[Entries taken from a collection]
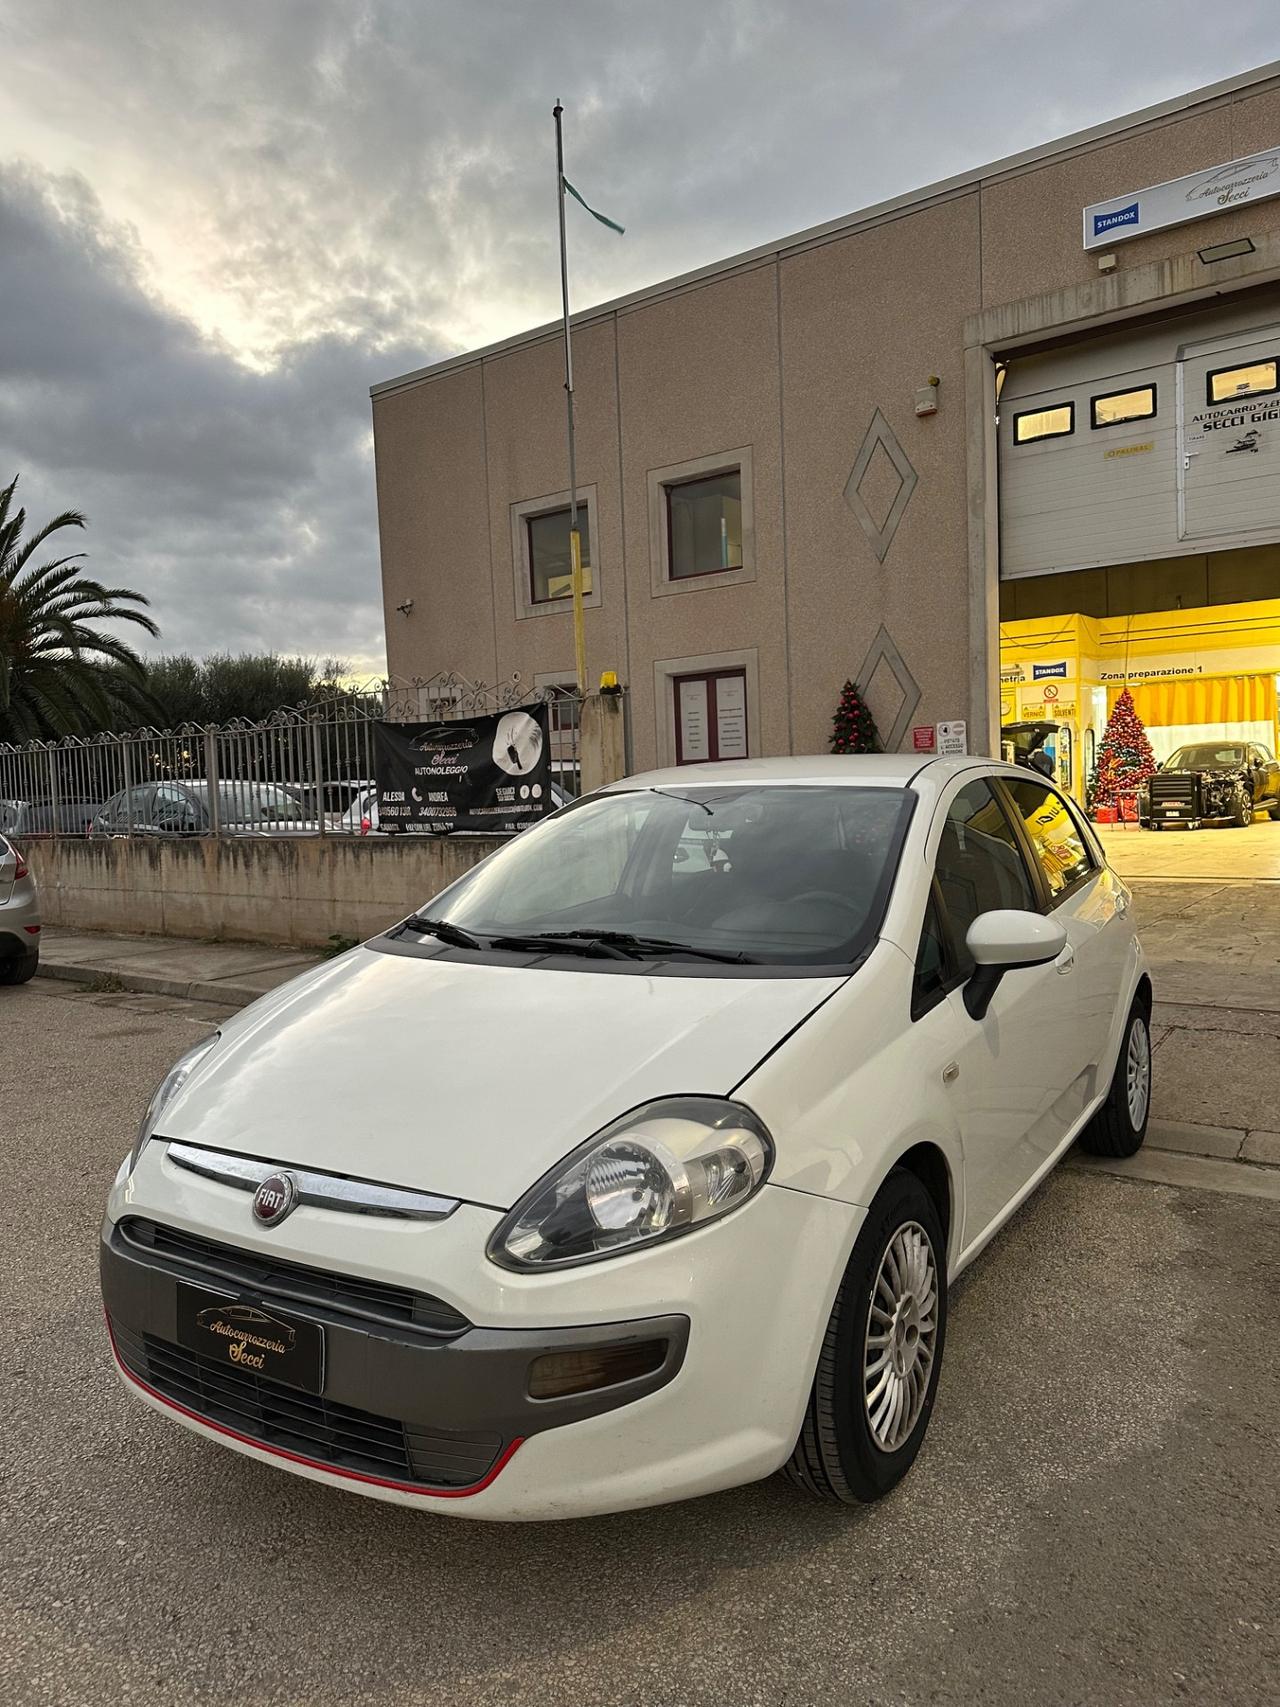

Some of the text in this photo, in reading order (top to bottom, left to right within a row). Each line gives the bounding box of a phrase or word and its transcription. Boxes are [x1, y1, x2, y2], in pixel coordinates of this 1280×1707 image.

[1199, 171, 1269, 199] Autocarrozzeria
[1217, 188, 1250, 205] Secci
[1097, 212, 1135, 228] STANDOX
[1203, 409, 1280, 432] SECCI GIG
[1035, 667, 1064, 675] STANDOX
[1100, 665, 1203, 680] Zona preparazione 1
[415, 765, 468, 776] AUTONOLEGGIO
[259, 1188, 284, 1209] FIAT
[210, 1321, 286, 1353] Autocarrozzeria
[229, 1341, 265, 1369] Secci
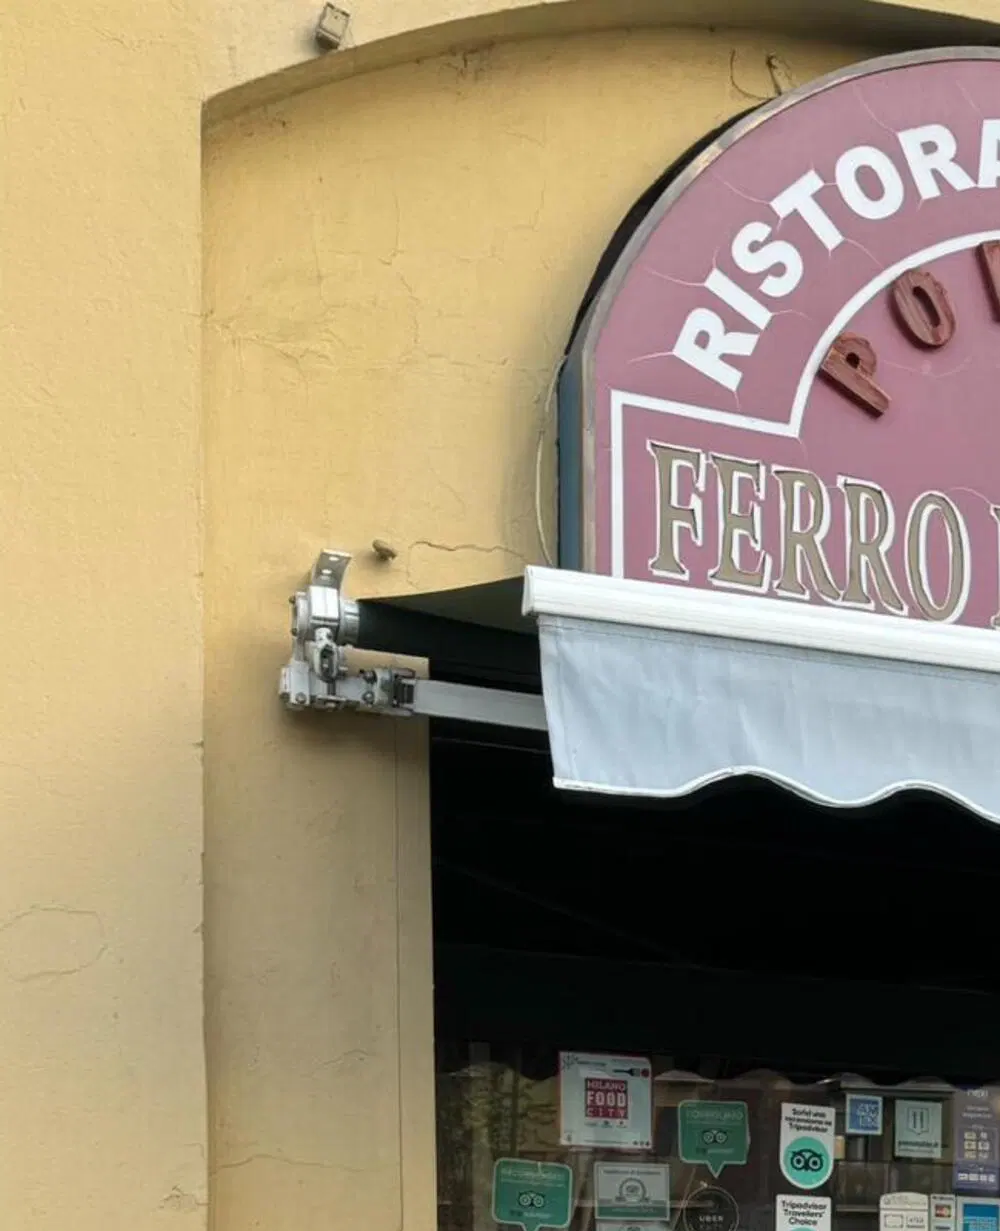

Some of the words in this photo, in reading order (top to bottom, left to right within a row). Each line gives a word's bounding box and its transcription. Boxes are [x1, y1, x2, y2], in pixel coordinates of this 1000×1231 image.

[645, 438, 973, 625] FERRO
[587, 1090, 626, 1107] FOOD
[781, 1200, 827, 1210] Tripadvisor
[788, 1216, 818, 1225] Choice

REQUIREMENT
What is needed is an exact copy of all the data, with no images in it.

SOLVED PROBLEM
Some of the text in this photo, in reading order (top to bottom, left to right within a row). Each line gives the bounding box of a phrase or word and its transcription. Boxes are [x1, y1, x2, y2], in pixel coordinates of this 1280×1707 image.

[1199, 171, 1269, 199] Autocarrozzeria
[1217, 188, 1250, 205] Secci
[1097, 212, 1135, 228] STANDOX
[1203, 409, 1280, 432] SECCI GIG
[1035, 667, 1064, 675] STANDOX
[1100, 665, 1203, 680] Zona preparazione 1
[415, 765, 468, 776] AUTONOLEGGIO
[259, 1188, 284, 1209] FIAT
[210, 1321, 286, 1353] Autocarrozzeria
[229, 1341, 265, 1369] Secci

Some of the words in this photo, in reading order (top to bottom, left to right within a row). Each line gives a word's bounding box and its transcription. Boxes are [x1, y1, x2, y2], in pixel coordinates of this 1000×1231 image.

[645, 438, 973, 625] FERRO
[587, 1090, 626, 1107] FOOD
[781, 1200, 827, 1210] Tripadvisor
[788, 1216, 818, 1225] Choice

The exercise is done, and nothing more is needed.